The osteogenic effect of skeletal loads is believed to be a function of frequencies and magnitudes of applied loads,(10, 11) that is, a function of muscle strength and activity level. Muscle strength was measured on SOF participants at both study time points but results were not useful for categorization (see Results and Discussion sections). Muscle mass generally is correlated with physical performance(12) and should be useful in assessing skeletal loading effects. Unfortunately, body composition was measured only at the first time point. We therefore decided to use weight change as the primary descriptor of altered skeletal loading, based on knowledge that muscle mass generally scales with body mass. This decision is supported by earlier work showing that (1) the section modulus is related most strongly to body weight,(13, 14) (2) weight loss is a risk factor for osteoporotic fracture,(2, 15–20) and (3) weight gain might confer a protective effect.(2, 17) Therefore, we restricted analyses to participants with BMD and measured weight at both time points and measured height for at least one time point.
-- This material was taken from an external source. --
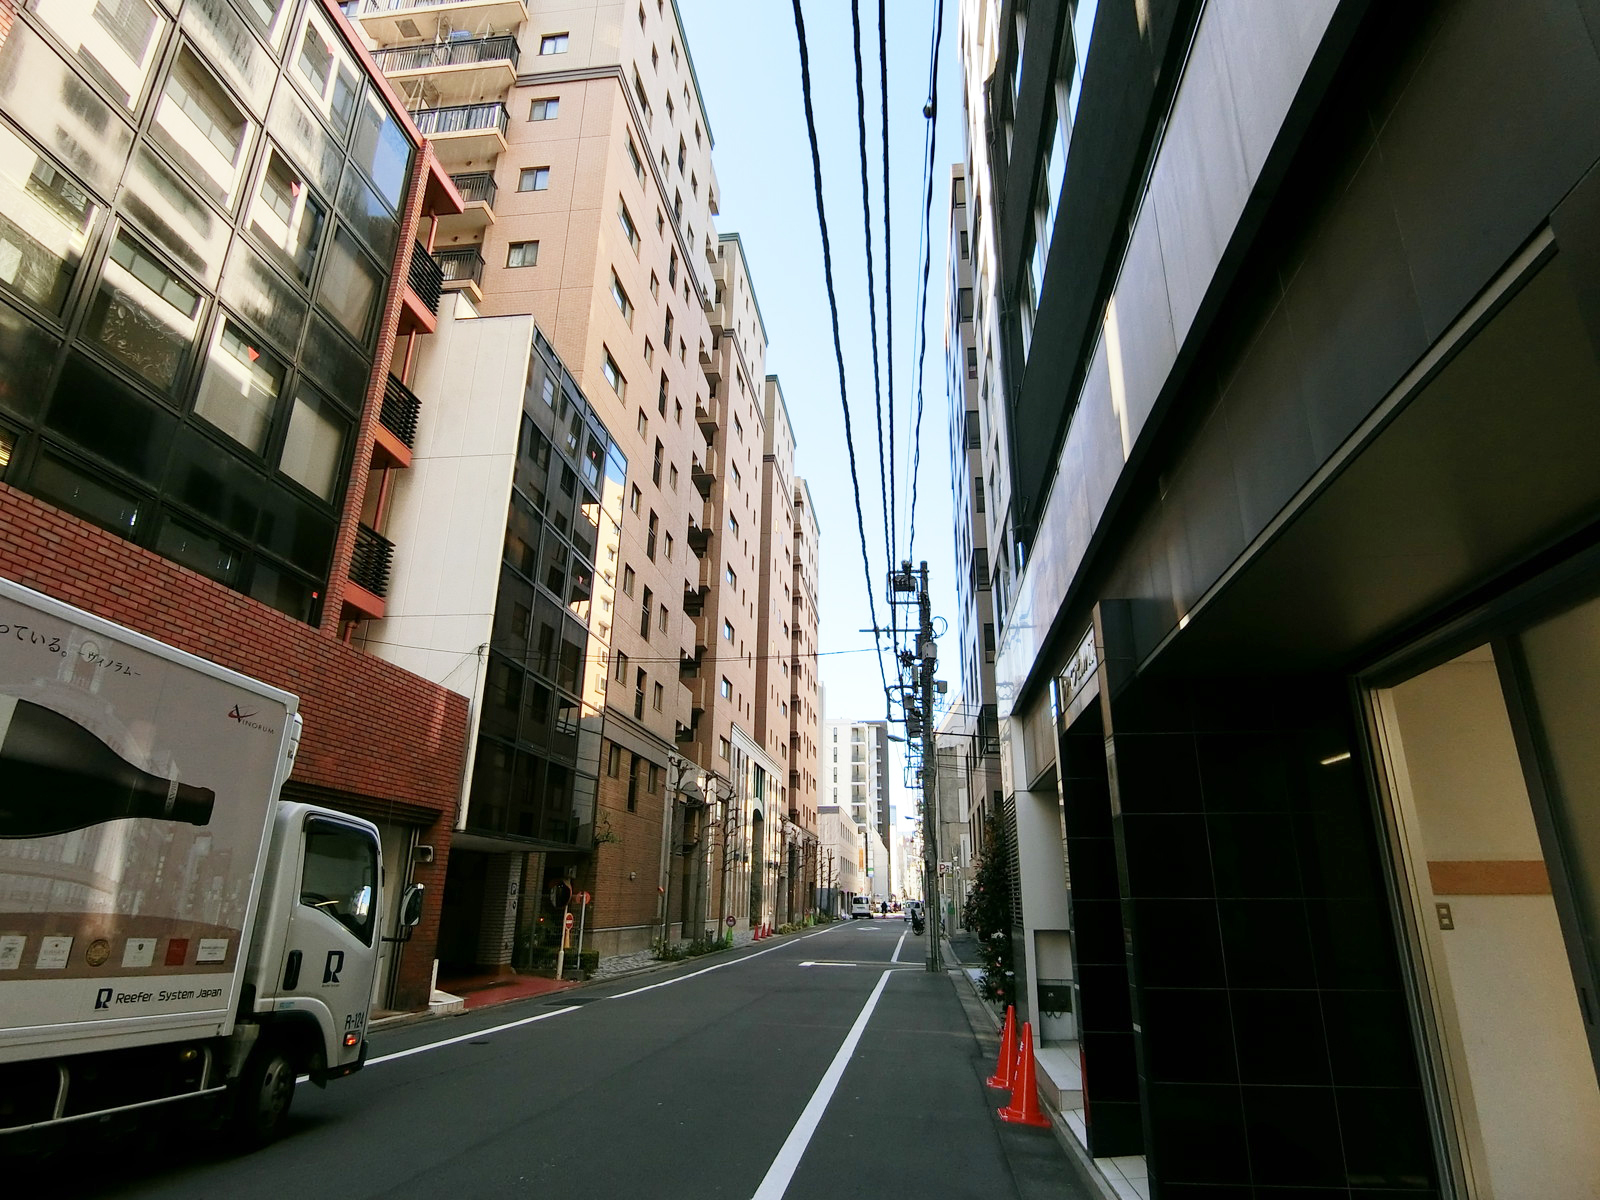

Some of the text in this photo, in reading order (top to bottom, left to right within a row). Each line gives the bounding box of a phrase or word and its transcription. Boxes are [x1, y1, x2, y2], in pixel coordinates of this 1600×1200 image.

[116, 992, 154, 1004] Reefer
[158, 990, 194, 1002] System
[196, 988, 222, 999] Japan
[345, 1012, 365, 1031] R-124
A total of 4532 scan pairs met these criteria although a total of 345 pairs were excluded for technical reasons leaving 4187 data pairs for analysis.
Exclusion criteria for data pairs
In a longitudinal study, the DXA-based structural analysis is sensitive to inconsistent patient position (mainly because of hip rotation) and to inconsistent region location on the hip image. To minimize these effects, the analysis program was modified so that a template of the proximal femur from the baseline scan was saved with positions of all analysis regions. On subsequent scans the template was retrieved and superimposed on the current hip image by the user. If inconsistent hip positioning prevented template alignment, data for that scan pair was rejected; a total of 186 scan pairs were rejected in this manner. Further, we excluded data with unlikely extremes in differences in bone width between pairs because inconsistent region location or patient position between scans tends to have the greatest effect on width dimensions. Extreme differences were defined as >3 SD above and below the mean difference in bone width at either the femoral neck or the shaft, corresponding to ±5 mm and ±3 mm at the neck and shaft, respectively. These differences were considered biologically unlikely over a 4-year span based on results of a cross-sectional study of the U.S. population where mean difference in femoral neck width between the third and eighth decade (over a 50-year span) in white women was 3 mm.(7) A total of 159 data pairs were excluded for this reason. The remaining data set included 4187 hip scan data pairs.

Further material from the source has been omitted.